Cutting through the bullshit.

Wednesday, 22 November 2006

Grossman, etc.

Grossman’s speech continues to elicit comment. I neglected to mention Uri Avnery’s critique. Jonathan Cook takes on both Grossman and Avnery and is as incisive as usual. While crediting Avnery’s decades of mainly principled leadership of the Israeli peace movement, such as it is, he hits the nail on the head when he points out,

The bottom line in any peace for Avnery is the continued existence and success of Israel as a Jewish state. That rigidly limits his ideas about what sort of peace a "radical" Israeli peace activist ought to be pursuing.

Like Grossman, Avnery supports a two-state solution because, in both their views, the future of the Jewish state cannot be guaranteed without a Palestinian state alongside it. This is why Avnery finds himself agreeing with 90 per cent of Grossman's speech. If the Jews are to prosper as a demographic (and democratic) majority in their state, then the non-Jews must have a state too, one in which they can exercise their own, separate sovereign rights and, consequently, abandon any claims on the Jewish state.

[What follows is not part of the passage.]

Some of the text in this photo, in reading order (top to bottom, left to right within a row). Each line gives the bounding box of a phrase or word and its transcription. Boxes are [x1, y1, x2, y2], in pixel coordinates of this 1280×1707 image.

Meron Benvenisti wrote in Ha’aretz the other day,

In the present reality, when the very concept of "peace" has become subversive, bringing it up again might be considered a stirring event and a cardinal text. But the passive stance taken by the spokesman for the peace camp should be noted: all that a fighter for peace has to do is preach to the hollow leadership.

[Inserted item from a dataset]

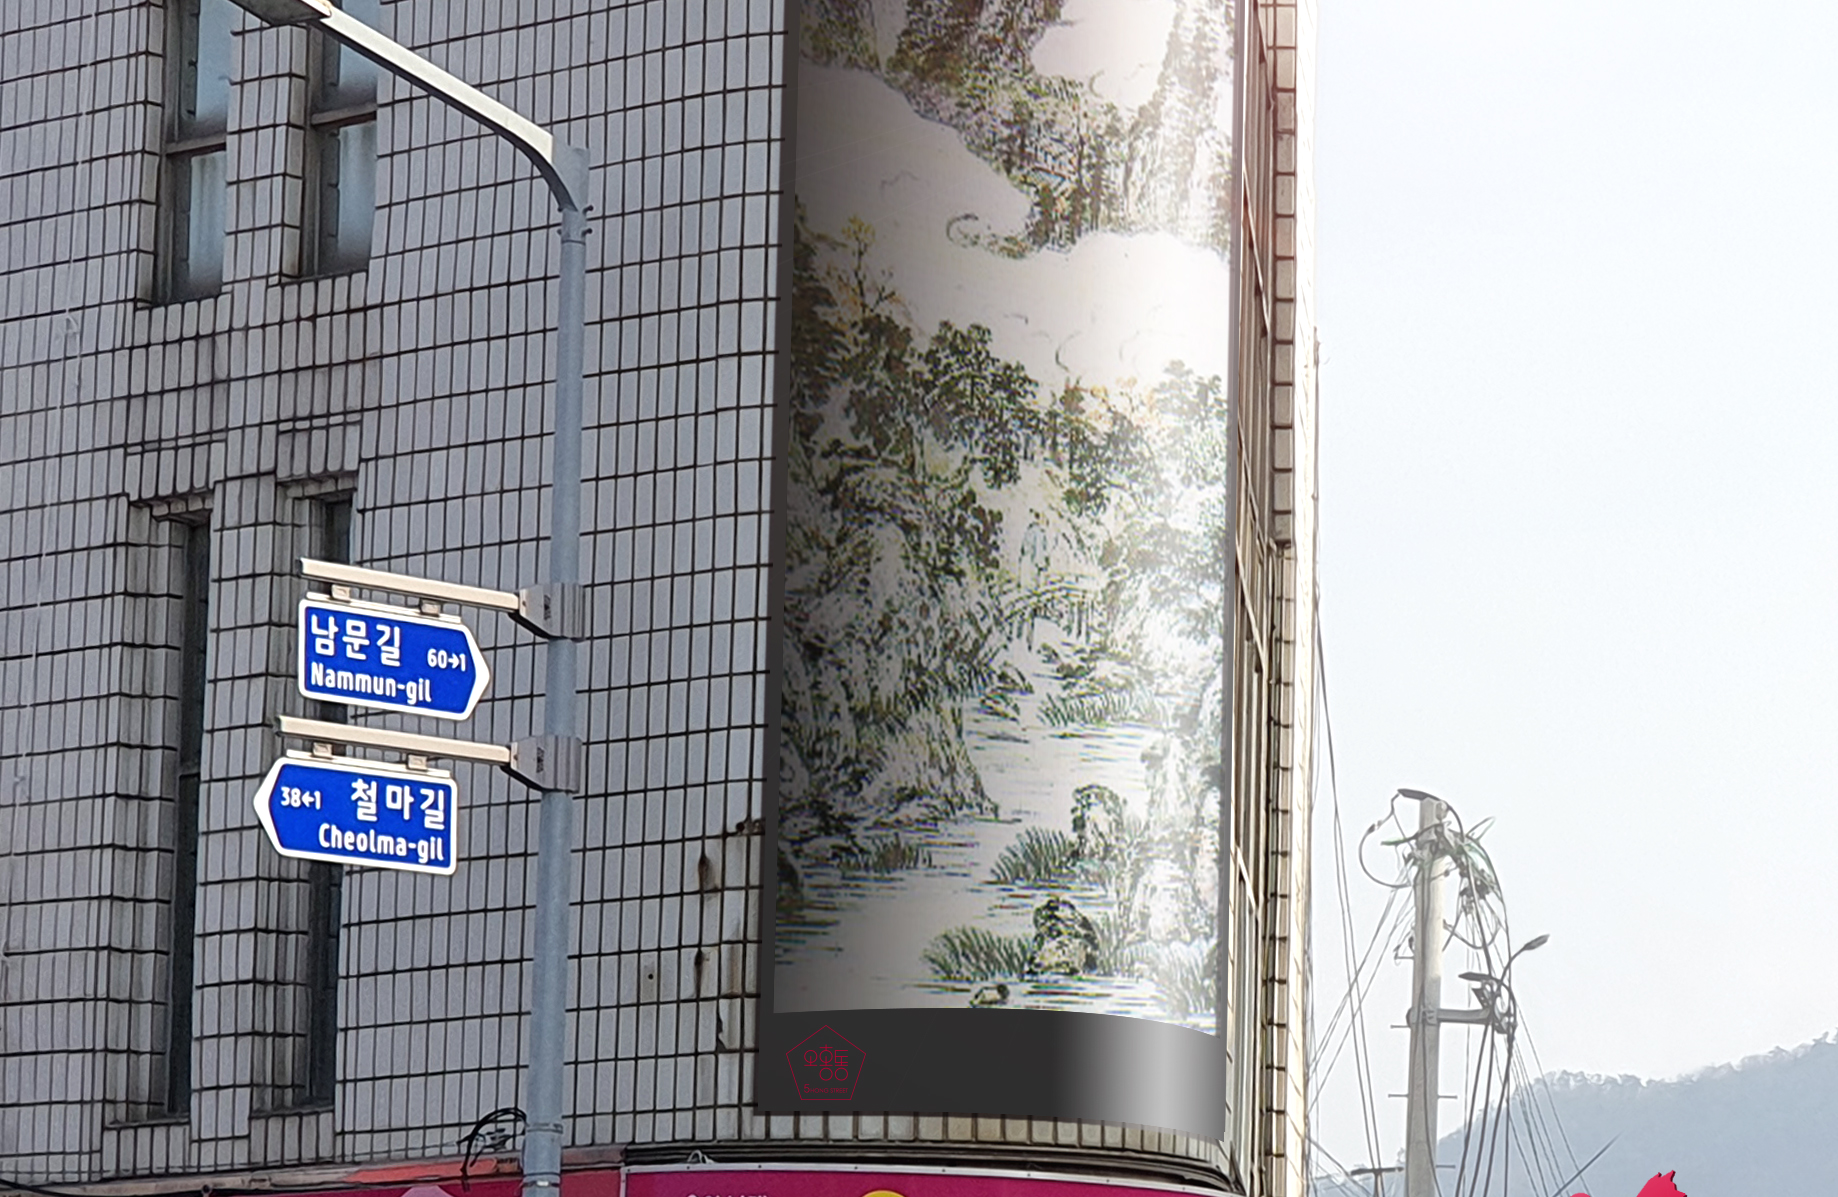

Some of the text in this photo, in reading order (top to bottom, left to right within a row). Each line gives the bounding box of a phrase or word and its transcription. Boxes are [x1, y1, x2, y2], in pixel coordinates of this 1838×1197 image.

[311, 614, 401, 668] 남문길
[310, 662, 432, 706] Nammun-gil
[351, 778, 445, 831] 철마길
[318, 823, 445, 863] Cheolma-gil

Where is the call to join the struggle against the injustice of the security fence, the choke-hold of the roadblocks, the siege on Gaza, the killing of women and children, the destruction of the institutions of the Palestinian Authority, the deporting of Palestinian families "without documents"?

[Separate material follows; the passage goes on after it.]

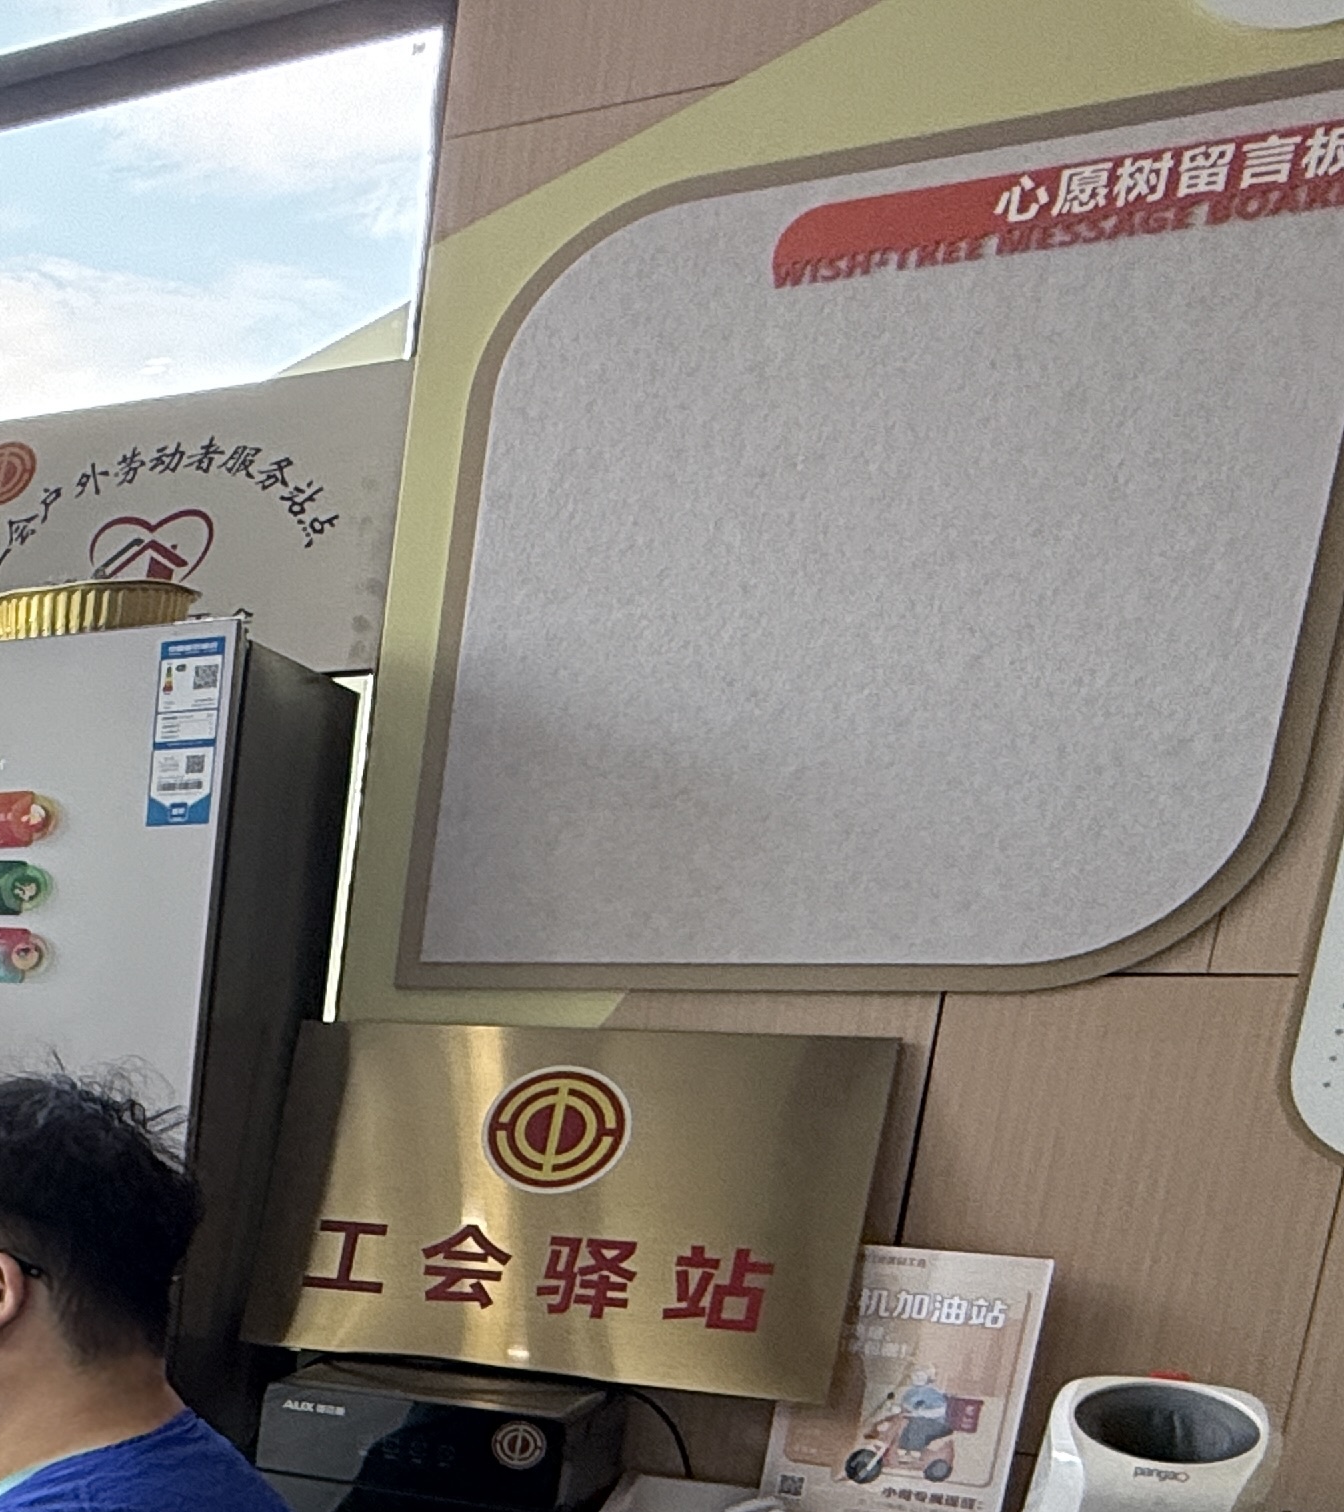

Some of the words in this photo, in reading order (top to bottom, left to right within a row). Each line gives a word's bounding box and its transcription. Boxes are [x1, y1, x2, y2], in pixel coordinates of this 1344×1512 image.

[993, 125, 1344, 224] 心愿树留言板
[302, 1218, 776, 1334] 工会驿站

The Times also editorialized a few days ago on the opportunity Rumsfeld’s resignation present to build ‘The army we need’.

Part of the problem, it turns out, is that Rumsfeld ‘didn’t like the Clintonian notion of using the United States military to secure and rebuild broken states.’ Like Somalia? And Haiti? And Kosovo?

And ‘circumstances in Afghanistan and Iraq called for just the things Mr. Rumsfeld didn’t like’, and that is the problem, obviously.

According to George Friedman, in his Stratfor Geopolitical Intelligence Report for 11.21.2006,

New York Democrat Charles Rangel, the new chairman of the House Armed Services Committee, has called for the reinstatement of the draft…Rangel's essential point is that the way the United States has manned the military since World War II is inherently unjust. It puts the lower classes at risk in fighting wars, leaving the upper classes free to pursue their lives and careers… When those who benefit most from a society feel no obligation to defend it, there is a deep and significant malaise in that society.

There is no inherent reason why enlistment -- or conscription -- should be targeted toward those in late adolescence. And there is no reason why the rich themselves, rather than the children of the rich, should not go to war…Rangel is correct in saying that the upper classes in American society are not pulling their weight…If Americans are serious about dealing with the crisis of lack of service among the wealthiest, then they should look to the wealthiest first, rather than their children.

Unlike his namesake, Thomas L., George Friedman has an interesting way of thinking. At least he knows there’s a class war going on. If only he could get past the idea that ‘nations’ have geopolitical interests independent of the interests of their ruling classes…well, then he wouldn’t be writing these analyses, and Stratfor wouldn’t attract the clientele they seek, would they?